So Reign GDA is not currently independent of Eastside?  I thought the partnership had ended.


----------



## Savage

MarkM said:


> So Reign GDA is not currently independent of Eastside?  I thought the partnership had ended.


With the partnership ended, Reign GDA is independent of Eastside.  Davin just doesn't want to admit he was "very wrong", which is fine.


----------



## davin

MarkM said:


> So Reign GDA is not currently independent of Eastside?  I thought the partnership had ended.


 Here is Eastside's list of teams for 2018/2019.: https://www.eastsidefc.org/2018-2019-teams
The top team are listed as Reign GDA teams. The partnership with Seattle United ended last year. Maybe that's the partnership you were thinking of.


----------



## davin

Savage said:


> With the partnership ended, Reign GDA is independent of Eastside.  Davin just doesn't want to admit he was "very wrong", which is fine.


How is Reign independent of Eastside, when Eastside supplies the players and coaches for Reign? Explain that, please.
https://www.eastsidefc.org/2018-2019-teams


----------



## MarkM

davin said:


> Here is Eastside's list of teams for 2018/2019.: https://www.eastsidefc.org/2018-2019-teams
> The top team are listed as Reign GDA teams. The partnership with Seattle United ended last year. Maybe that's the partnership you were thinking of.


The partnerships with both clubs was for 5 years.  Seattle United pulled out.  So has Eastside FC.


----------



## MarkM

davin said:


> How is Reign independent of Eastside, when Eastside supplies the players and coaches for Reign? Explain that, please.
> https://www.eastsidefc.org/2018-2019-teams


The coaches are Reign coaches - former Eastside coaches.  Reign operates the academy teams. Eastside operates pre-academy teams following Reign's curriculum.  Eastside kids end up on the Reign Academy team, but the Reign academy players can come from anywhere - best players make the team.

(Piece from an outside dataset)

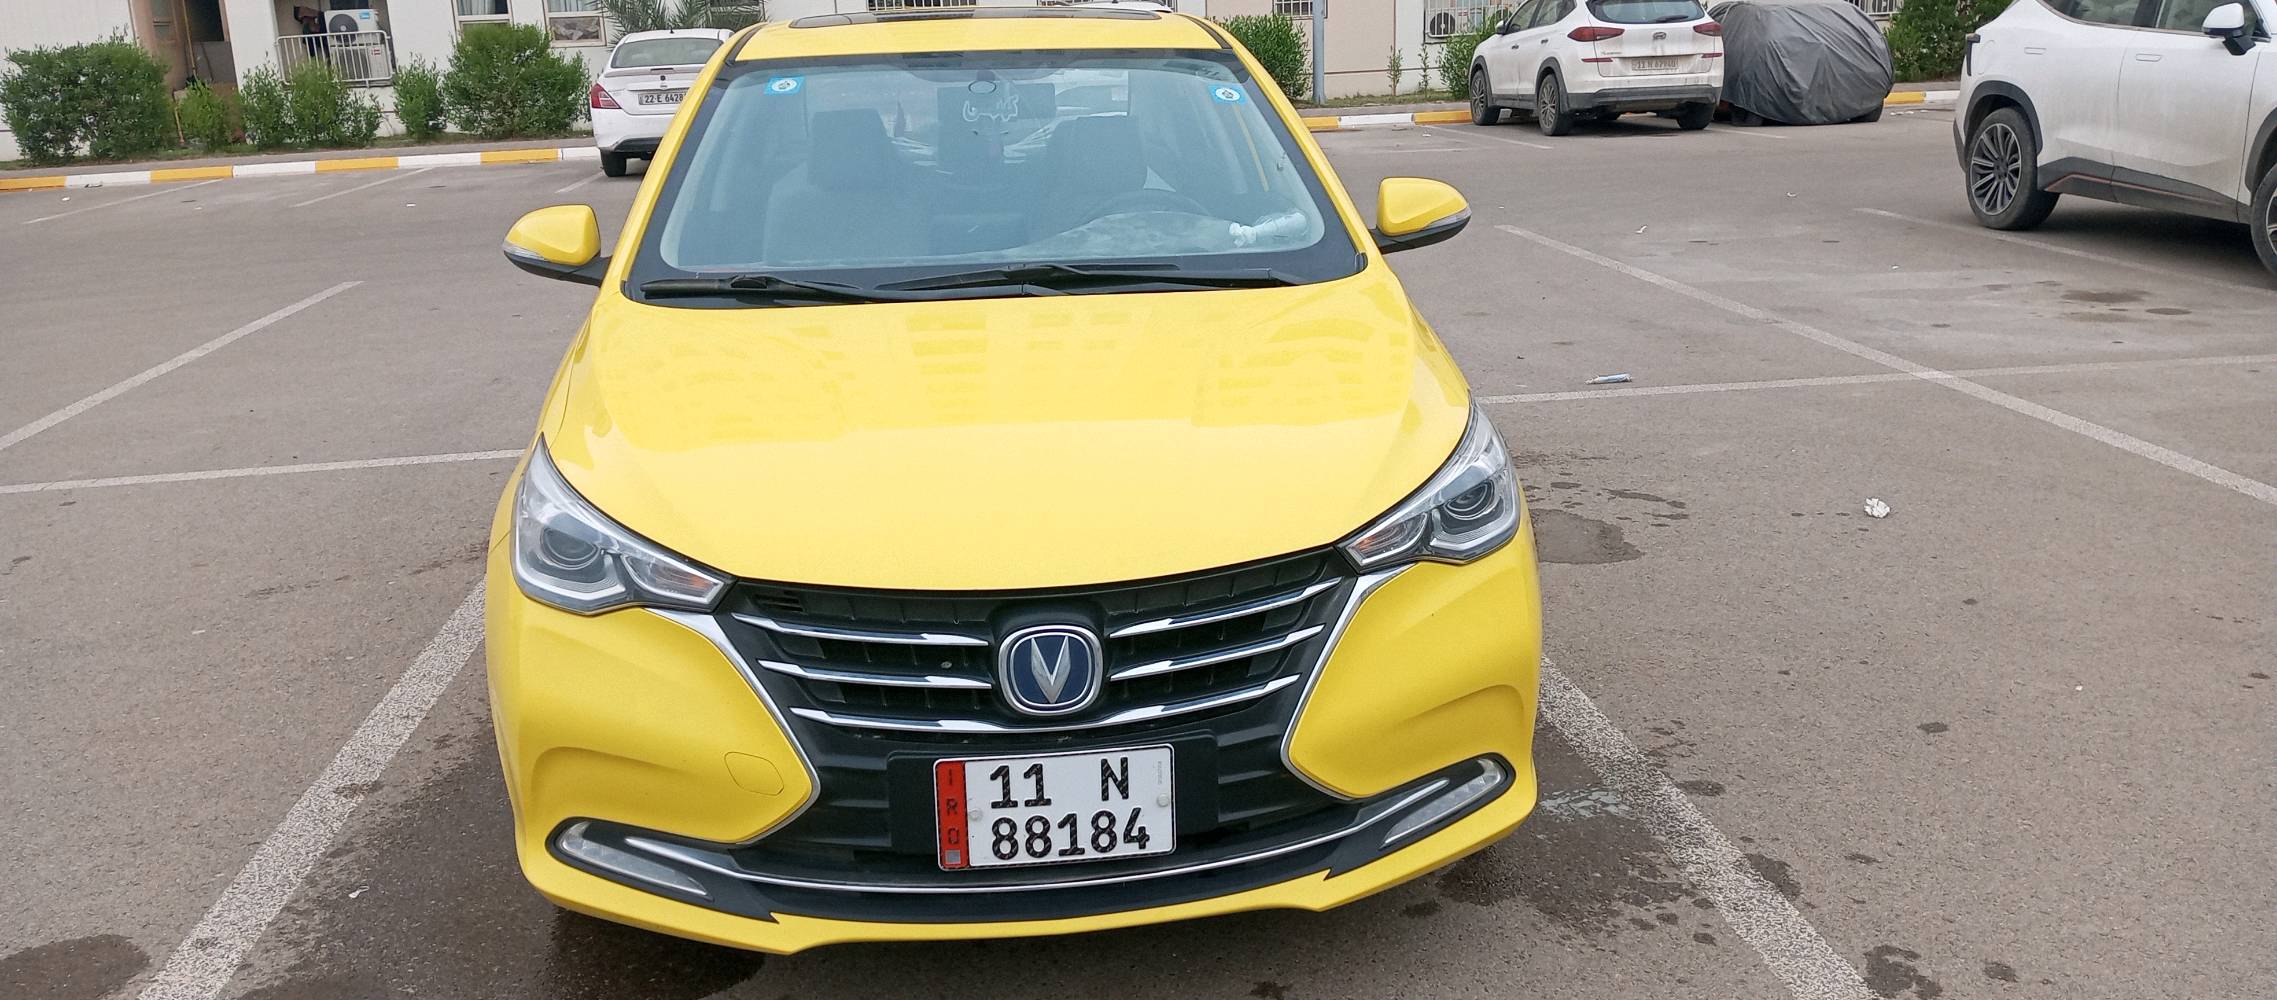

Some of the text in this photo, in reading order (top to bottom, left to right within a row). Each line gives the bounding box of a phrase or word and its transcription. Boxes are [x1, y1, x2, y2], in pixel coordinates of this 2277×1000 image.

One observation - no "All-In" press release from ECNL.


----------



## davin

MarkM said:


> The partnerships with both clubs was for 5 years.  Seattle United pulled out.  So has Eastside FC.


There is a thread on the Washington board discussing Reign academy. A lot of the discussion there is on the Eastside/Reign partnership.: http://talking-soccer.com/TS4/showthread.php?t=155594. The Eastside webpage lists their top teams as the Reign GDA teams, and their programs page lists GDA as one of their programs. The partnership is in effect until the end of this soccer year.


----------



## GoDawgs!

Well, a topic a lurker can speak to.
It is true that Reign Academy is "alive",
but without money and troops, it is a
paper tiger. Reign FC the first team
doesn't have two nickels to rub together,
let alone support an academy system.
Only possibility however improbable
is Washington Premier who has ECNL
will switch to GDA, since they are close
by to the new home of Reign FC in
Tacoma. If that happens, PacNW ECNL
should send them flowers thanking them
for the new players. 

@Savage is probably a Reign parent
pissed off that the Reign was a dead end.

Reign Dad, Reign is dead. Figure out where your
DD will land for tryouts in May.
Once again, Go Dawgs!


----------



## davin

MarkM said:


> The coaches are Reign coaches - former Eastside coaches.  Reign operates the academy teams. Eastside operates pre-academy teams following Reign's curriculum.  Eastside kids end up on the Reign Academy team, but the Reign academy players can come from anywhere - best players make the team.
> 
> One observation - no "All-In" press release from ECNL.


Not sure how any of that makes Reign "independent". Everything you said there shows Reign's dependency on Eastside.


----------



## MarkM

davin said:


> Not sure how any of that makes Reign "independent". Everything you said there shows Reign's dependency on Eastside.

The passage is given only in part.